Stung by Dave’s words and believing herself to be a hypocrite, Sacker informs Wags she’s putting her congressional run on hold. She says MPC is “where I’m meant to be.” I think she may be right. Wags’ disappointing reaction is the most telling. Is he worried she’s turned to the dark side?

Speaking of Wags, his increasingly confused facial expressions are the perfect stand-in for the audience. He’s still working alongside Prince and Scooter, but he’s yet to be let in on the top-secret scheme. Toward the end of the episode, Wags observes to Scooter that Prince finally succeeded in getting the MPC staff on his side. Scooter agrees, ambiguously noting that “They’re ready.” Wags is all of us when he asks, “For what?”

Chuck’s involuntary guys’ retreat with his dad, Ira Schirmer, and Judge Adam DiGiulio (with Dr. Swerdlow making a guest appearance) doesn’t do much to drive the narrative other than remind our fallen social-justice warrior that he’s most alive when he’s increased in a fight. He’s not interested in resetting, rebranding, or podcasting. It’s revenge or bust for Chuck, and it takes an over-the-top MAGA-type caricature played by Matthew Lillard to help him get his groove back.

Lillard is Ronald Chestnut, humanity’s worst nightmare: The kind of asshole who loudly yammers on his phone during someone else’s sensory-deprivation experience and then starts Instagramming the second he gets into the chamber. The kind of asshole who doesn’t take no for an answer when a woman politely declines his offer of drinks later that evening. The type of asshole who knocks into a Hispanic busboy only to start spewing privilege and racist-fueled rhetoric.

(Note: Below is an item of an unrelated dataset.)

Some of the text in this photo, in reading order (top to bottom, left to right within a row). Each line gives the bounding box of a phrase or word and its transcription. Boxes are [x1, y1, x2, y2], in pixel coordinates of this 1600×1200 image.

The kind of asshole who gets Chuck fired up and ready to strike back at Mike Prince. But not before he runs Chestnut’s name (his credentials somehow still work — ah, television!) and yet delivers another beautiful speech worthy of the Rhoades name. Chuck schools the on-parole Chestnut on how a hard worker like the unnamed busboy is “more American than you’ll ever be” and that he’d better walk away from this fight now. One swing at Chuck, and he’ll be back in prison, serving out his sentence for unpaid child support and embezzlement.

After receiving some rare praise from Senior, Chuck confides in Ira he knows how to go after Prince now. Chuck, like Wendy, noticed the oddity of Prince needing to be present in the Senate chamber the night of his removal. Even though Prince didn’t have to be there, his Gladiator references betrayed his hand: “He loves the blood sport,” observes Chuck. “And someone who loves the blood sport can be induced into another fight.” We don’t know what Chuck’s new plan is, but we do know it involves setting up a fight where Prince has the disadvantage.

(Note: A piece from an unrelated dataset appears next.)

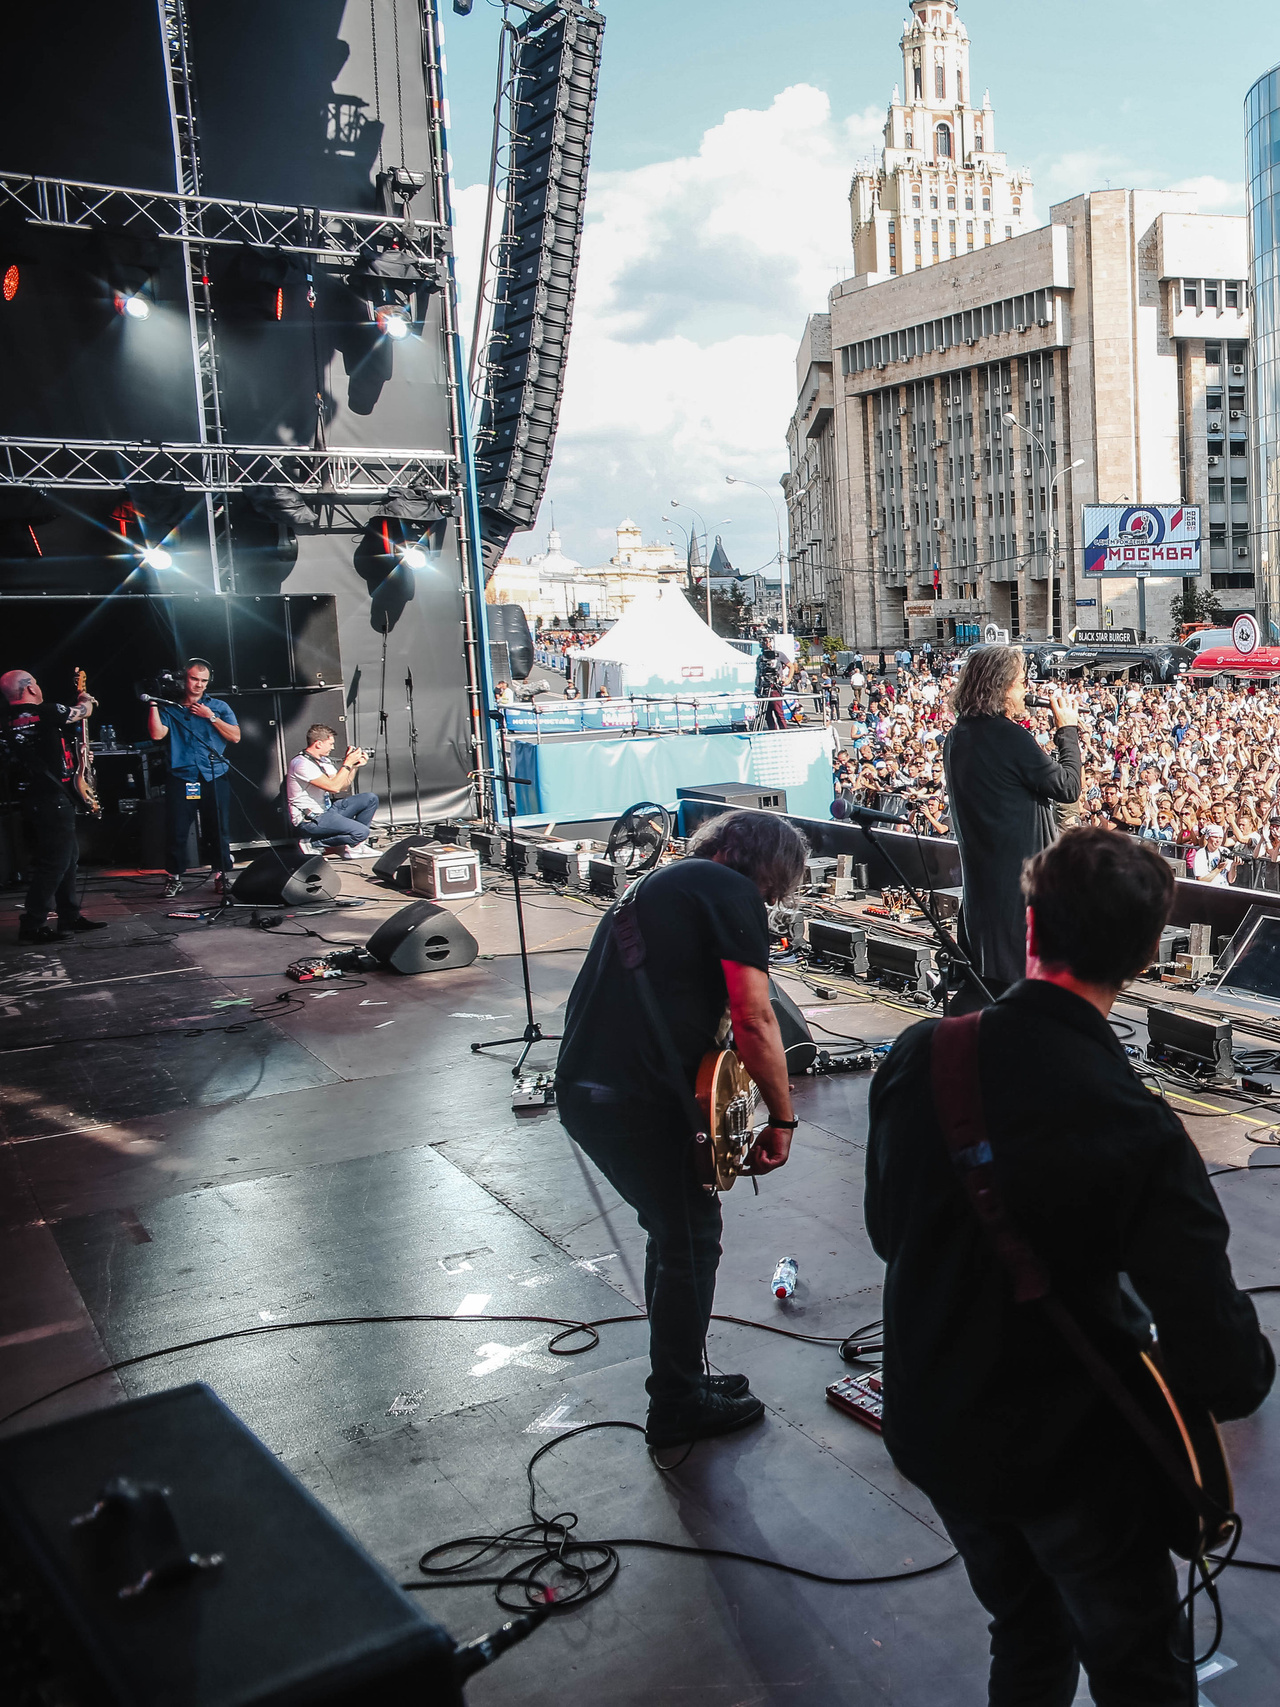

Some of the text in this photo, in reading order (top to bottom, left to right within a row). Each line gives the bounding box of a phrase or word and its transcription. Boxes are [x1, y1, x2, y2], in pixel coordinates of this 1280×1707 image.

[1109, 548, 1192, 560] МОСКВА
[1078, 632, 1131, 642] BLACK STAR BURGER

It won’t be easy, that’s for sure because his enemy now has an entire “army” behind him. By letting the MPC crew taste “freshly slaughtered power” in the form of a Wheels Up membership and, keeping with the Roman theme, drug-and-alcohol-fueled bacchanalia at Stately Prince Manor, Mike Prince officially has the absolute loyalty of every single one of his employees.

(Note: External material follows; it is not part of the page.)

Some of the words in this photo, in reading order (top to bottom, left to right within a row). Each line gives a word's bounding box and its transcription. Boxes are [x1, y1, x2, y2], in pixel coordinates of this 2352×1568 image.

Well, the jury’s still out on Taylor.

• The men trading war stories over evening drinks at the Sagamore was a revelatory moment for Dr. Sverdlov. Although he didn’t mention her by name, Billions is suggesting Joan Rivers died by his hand. What’s more disturbing is that it was only the “first” time Swerdlow lost his medical license.

• It was also nice to know that Senior was knocked down a few pegs in his lifetime. I enjoyed watching him squirm while recounting the end of his “King of New York” days, when a building he owned went up in flames, killing 79 people because the sprinklers and fire doors weren’t up to code.

• Hey, Billions, with your Chuck-doing-yoga-by the lake scene. Mad Men would like a word.

• Rian sleeping with Prince (after rebuffing Taylor) was a twist I didn’t see coming.